Caroline Calvé a apporté plusieurs changements, tant physiques que mentaux, à sa préparation aux épreuves de surf des neiges.

Prof d'Olympiens, papa d'une Olympienne

Il y a de ces coïncidences dans la vie. Parlez-en à Jean Calvé, un professeur à la retraite.
Sa fille Caroline pourrait devenir la première athlète de l'Outaouais en plus de deux décennies à remporter une médaille aux Jeux olympiques. Les Duchesnay, Isabelle et Paul, ont été les derniers.
C'était en 1992, à Albertville.
Tout comme Calvé, les Duchesnay ont grandi à Aylmer. Ils avaient mérité l'argent en danse sur glace.
La seule différence? Le duo frère-soeur représentait la France à la suite d'un différend avec Patinage Canada.
Qui a enseigné à Paul Duchesnay à l'école secondaire Grande-Rivière?
Oui, Jean Calvé, maintenant à la retraite.
«C'était au tout début de la polyvalente à Aylmer. Paul était tout jeune. C'était bien avant son rêve olympique», relate-t-il.
Duchesnay n'avait pas oublié son ancien enseignant. Il était revenu à l'école après les Jeux, accompagné d'une équipe de la télé suisse.
Au fil des ans, Jean Calvé a vu un autre de ses élèves connaître la gloire sportive. Le nageur Yannick Lupien a remporté l'argent aux Mondiaux aquatiques en plus de participer aux Olympiques à deux reprises.

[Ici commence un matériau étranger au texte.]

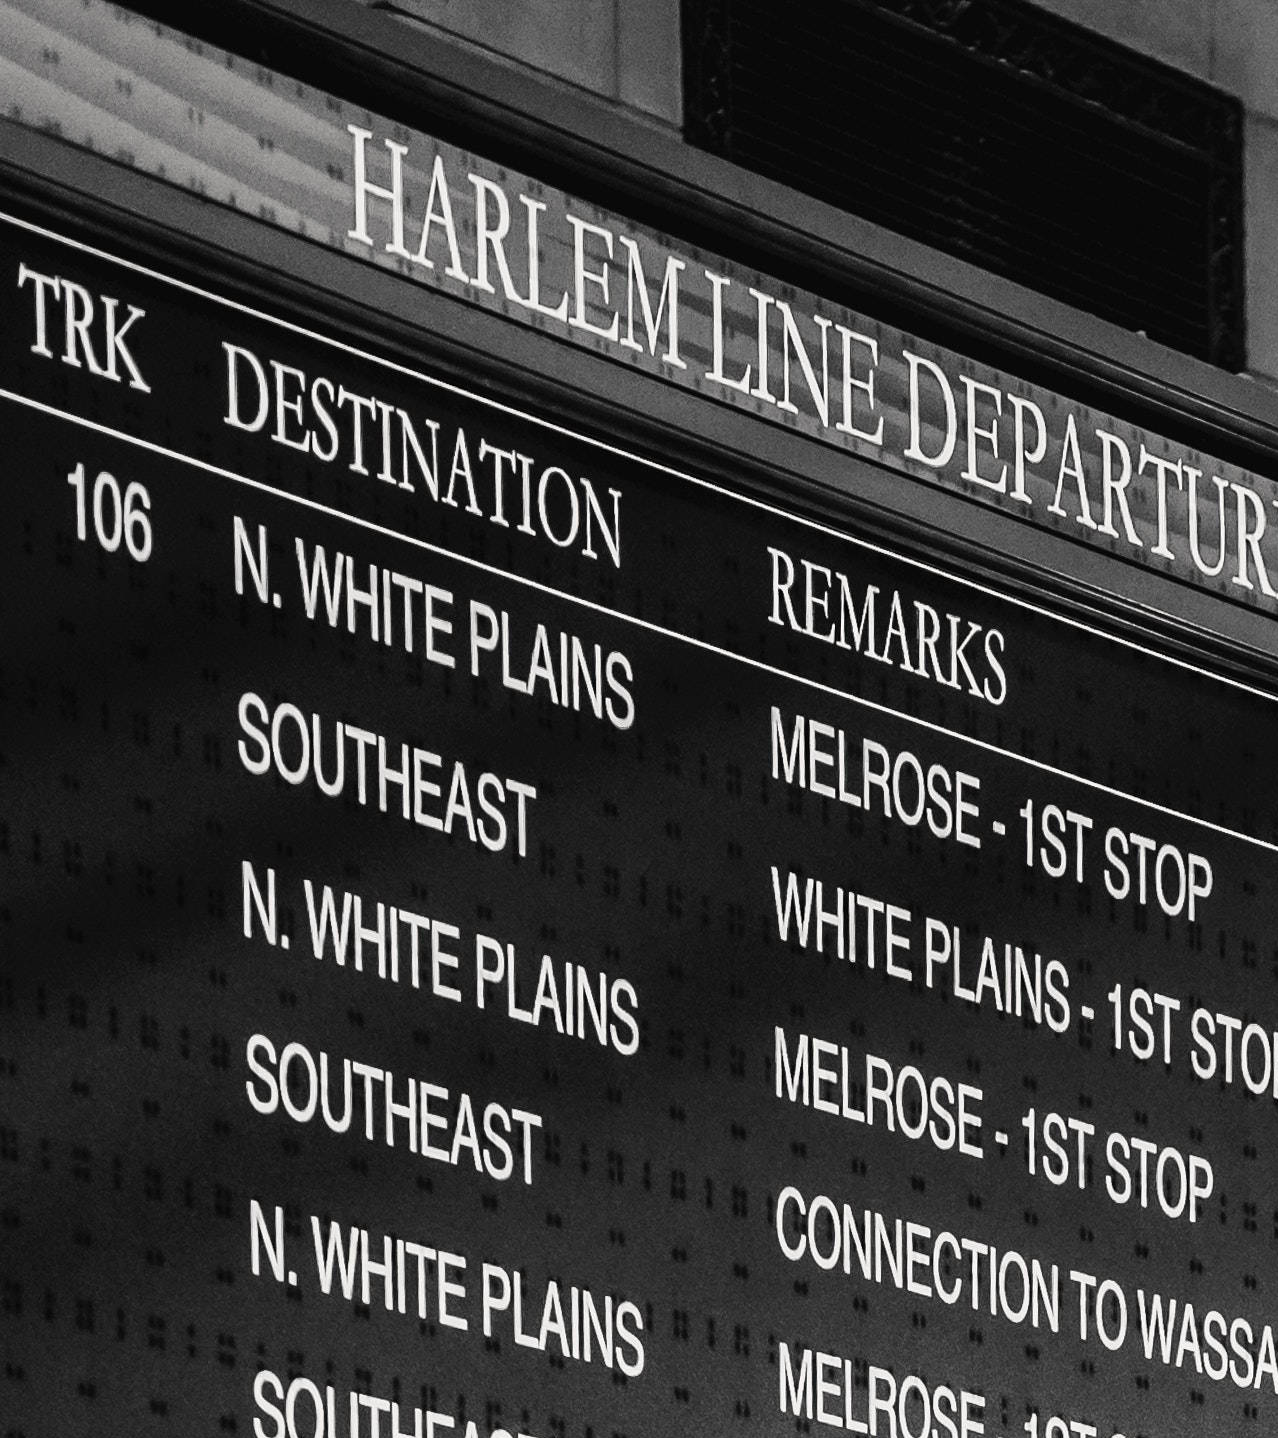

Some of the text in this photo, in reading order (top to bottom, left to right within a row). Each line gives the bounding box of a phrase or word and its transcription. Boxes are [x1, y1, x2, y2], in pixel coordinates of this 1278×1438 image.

[19, 263, 150, 393] TRK
[349, 126, 686, 368] HARLEM
[706, 271, 883, 444] LINE
[68, 464, 151, 561] 106
[222, 342, 621, 568] DESTINATION
[234, 516, 634, 728] N. WHITE PLAINS
[768, 547, 1006, 705] REMARKS
[239, 693, 536, 856] SOUTHEAST
[772, 707, 1212, 921] MELROSE - 1ST STOP
[243, 861, 639, 1055] N. WHITE PLAINS
[771, 867, 912, 981] WHITE
[926, 918, 1070, 1032] PLAINS
[1082, 1006, 1094, 1019] -
[1108, 984, 1180, 1063] 1ST
[246, 1034, 542, 1184] SOUTHEAST
[775, 1026, 1213, 1222] MELROSE - 1ST STOP
[251, 1200, 644, 1376] N. WHITE PLAINS
[777, 1187, 1058, 1332] CONNECTION
[1070, 1271, 1127, 1350] TO
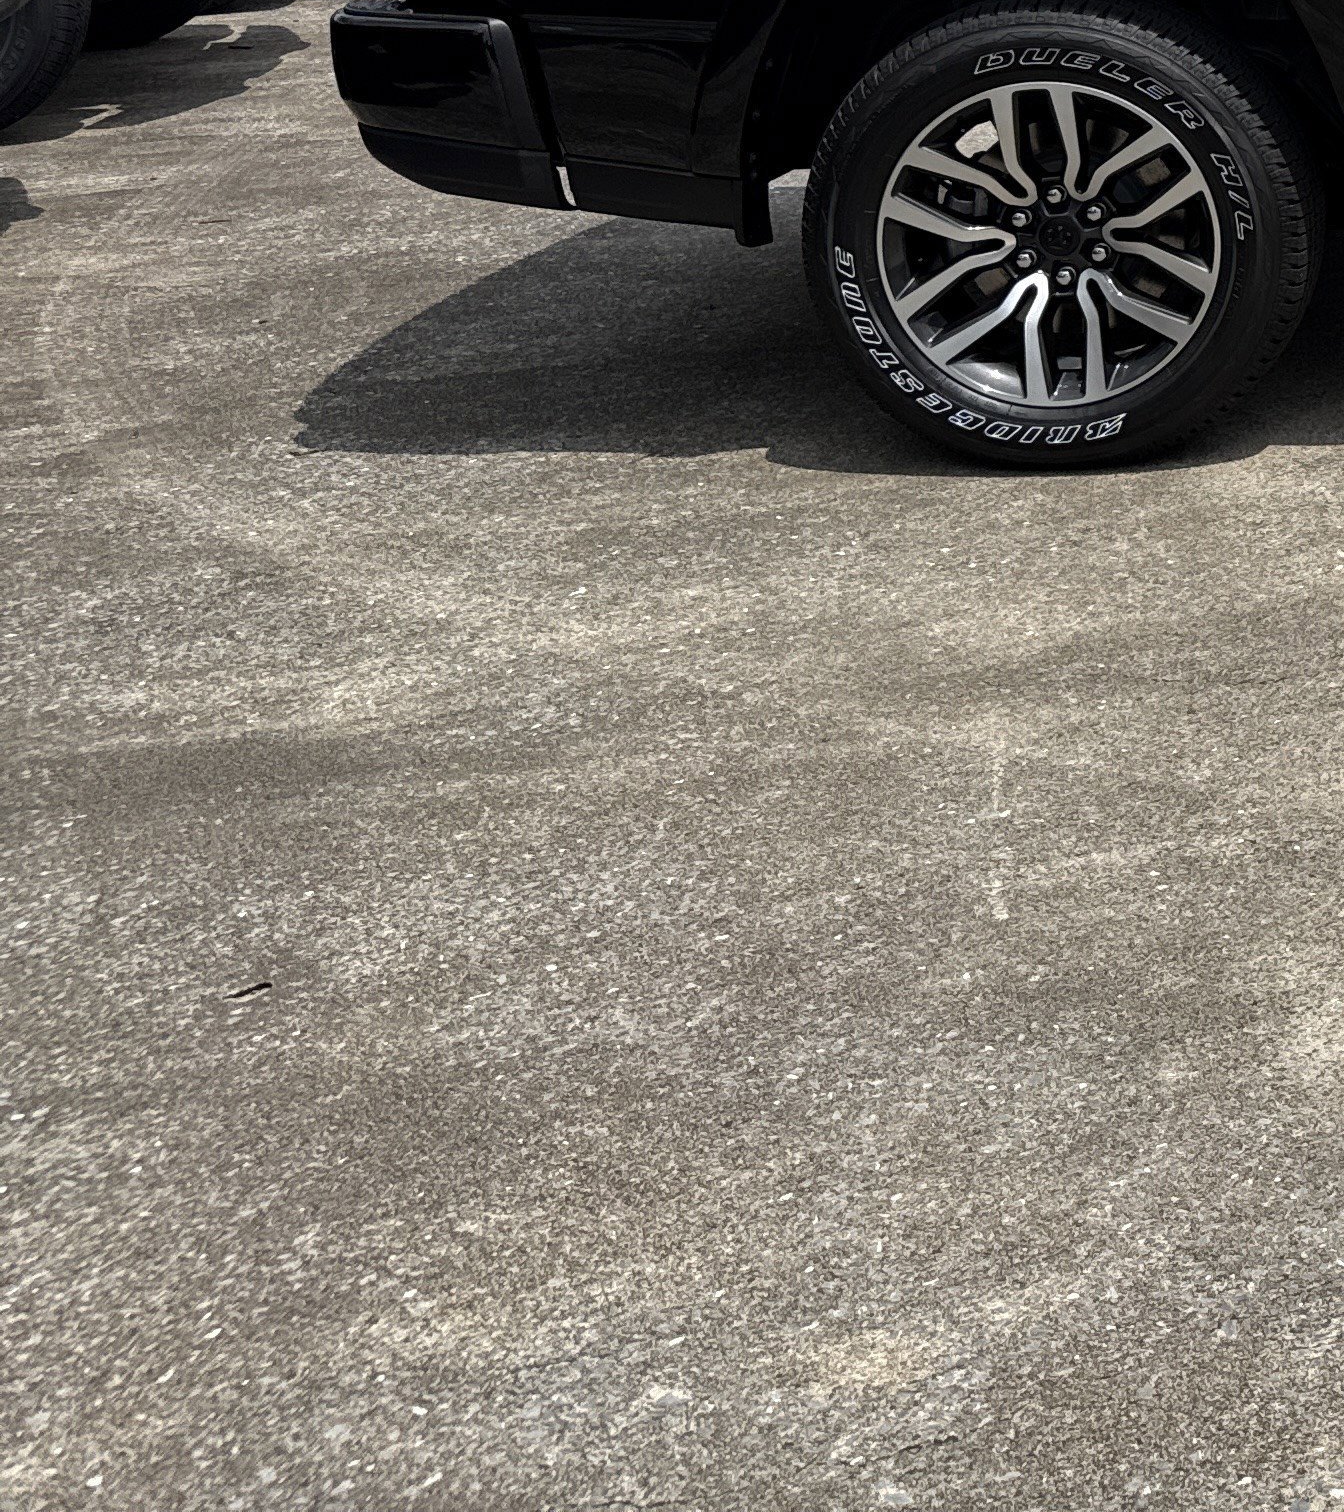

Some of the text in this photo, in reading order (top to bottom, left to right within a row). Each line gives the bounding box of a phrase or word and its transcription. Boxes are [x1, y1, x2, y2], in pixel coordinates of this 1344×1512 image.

[974, 47, 1255, 241] DUELER H/L
[834, 246, 1128, 444] BRIDGESTONE
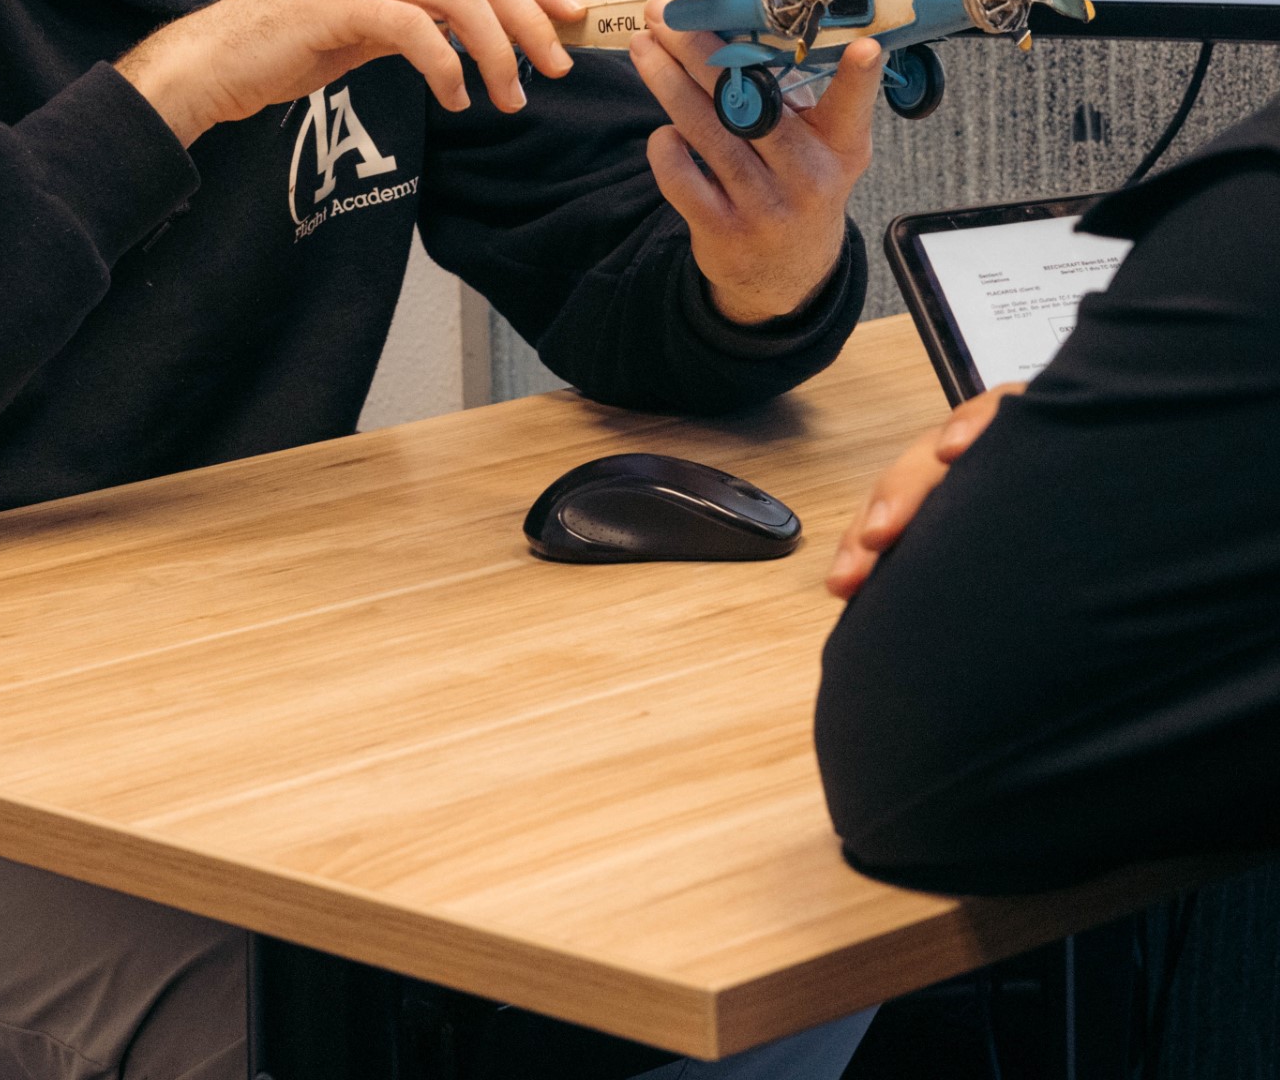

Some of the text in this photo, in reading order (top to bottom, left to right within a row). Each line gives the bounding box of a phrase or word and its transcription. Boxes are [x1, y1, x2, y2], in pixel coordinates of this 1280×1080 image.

[598, 16, 640, 33] OK-FOL
[294, 176, 419, 244] Flight Academy

Maintenant, c'est sa fille qui reçoit toute l'attention d'une région, d'une province et d'un pays. Ado, elle ne songeait nullement à une aventure olympique.
Caroline Calvé a commencé à tâter la compétition en surf des neiges sur le tard, quand elle avait 21 ans. Elle a grimpé un échelon à la fois, participation à sa première Coupe du monde en 2003, gagnant sa première médaille sur ce circuit en 2009 en Italie.
Ses parents Jean et Suzanne l'ont toujours appuyé durant son parcours teinté de succès et parfois de déceptions. Il y avait notamment eu cette blessure à un genou durant une session de photos en 2008.
Mais leur Caroline a rebondi plus forte que jamais de cet épisode.
Papa et maman étaient là à Vancouver. Ils suivront leur enfant cette fois-ci rivé à la télé, au petit matin.
«Nous serons nerveux», avoue Jean Calvé, qui a appris quelque chose de nouveau hier en jasant avec le journaliste.
Il a été question d'une anecdote trouvée sur le site web du Comité olympique canadien. On peut y lire que sa fille «porte toujours les mêmes chaussettes» en compétition.
«Je l'ignorais, lance le papa. Je remarque surtout le casque.»